Sagkal (Sturdy stone which is in front) The northeastern region of Ninkurra.

Eqal Namrase (Bad terrain) The southwestern region of Ninkurra.

BODIES OF WATER​ 
Lake Ea (House of water) Lake upon which the cities of Antum, Esharra, E'khul'khul, Ninkasi, & Nusku are centered around in the Shurruppak valley.

Nanshe (Fish godess) sea

Istan Baba (1st gate) The straight that seperates the Nanshe from the Haaki ocean

Haaki (Place of the water fishes) The ocean.

POPULATION NUMBERS​ 
Total population: 1,173,000


Shurruppak Valley

Antum (House of heaven)   400 000
   Eridhu (Home of the faraway) 10 000
 Nusku (Incantation)-200 000
 Ninkasi (Lady of beer)   50 000
 E'khul'khul (House of pleasures) 25 000
 Esharra (House of the ruler) 10 OOO

Sagkal region

Agasaya Falls 100 000
 Villages   40 000

Eqal Namrase region

E'gish'shir'gal (House of great light)130 000
 Sin (City of the moon) 60 000
 Shamash (City of the sun) 30 000
 Villages 110 000


All Ninkurra         3 000  Genya
                          5 000  Halfbreed


CALENDER​ 
Like the Ophir, the Ninkurrai use a calender of fifty-five eight day weeks, but instead of naming the days after their clans and gods the days are named after the seven original Alu and the holy city of Esharra as follows.

Uesharra- Holy day
Unusku- Day of incantations
Ushamash - Day of the sun
Ukhul'khul'- Day of pleasures
Usin- Day of the moon
Uantum- Day of the dead in heaven
Ushir- Day of light
Uninkasi- Day of drink

New years falls on same day in both calenders.
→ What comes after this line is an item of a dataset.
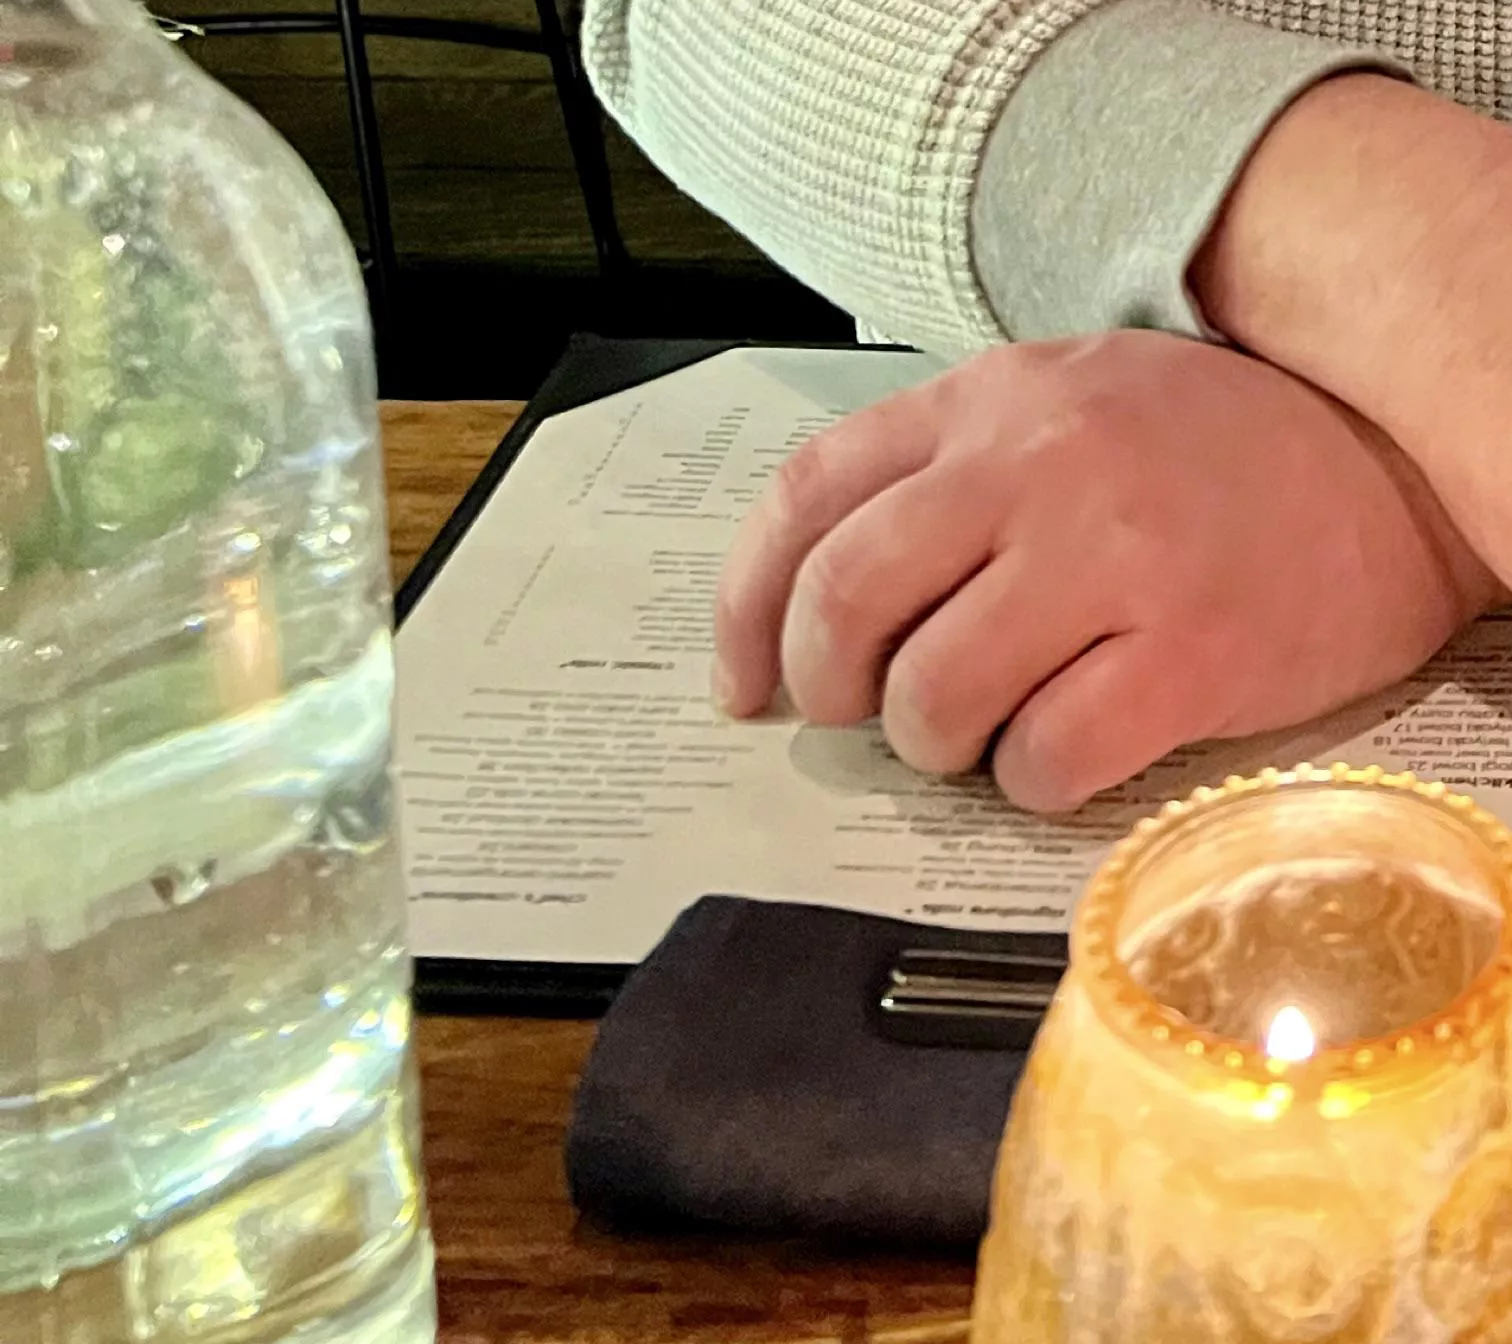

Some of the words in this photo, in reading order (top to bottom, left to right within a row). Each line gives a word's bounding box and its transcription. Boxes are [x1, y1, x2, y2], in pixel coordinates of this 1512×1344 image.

[1417, 723, 1461, 732] bowl
[1399, 736, 1442, 746] bowl
[1447, 735, 1510, 748] teriyaki
[1431, 762, 1476, 772] bowl
For many these days are literal in their meaning.

On Uesharra prayer and rest are the only actions of the day. Devotion to religion emphasized on this day.

Unusku is a continuation of religious devotion but a day for work.

Ushamash is usually one of the busiest days of the week when Ninkurrai everywhere get out of the home and take to the streets.

Ukhul'khul is the day of pleasures when all vices and joys of life are to be explored.

Usin like the 5th day of the Ophir week is the day of the moon. Similarities end there. It is a day to stay in an work on the home or have a quiet night in.

On Uantum loved ones are remembered, memories are shared, candles are burned, etc, etc.

Ushir and Ushamash are essentially the same day, different side of the week.

The Ninkurrai week ends with Uninkasi, the day of drink. Workers get out early and drink, party, and enjoy life so they may be remembered well on future Uantums. It is a fitting way to end the week with the holy day of rest forthcoming.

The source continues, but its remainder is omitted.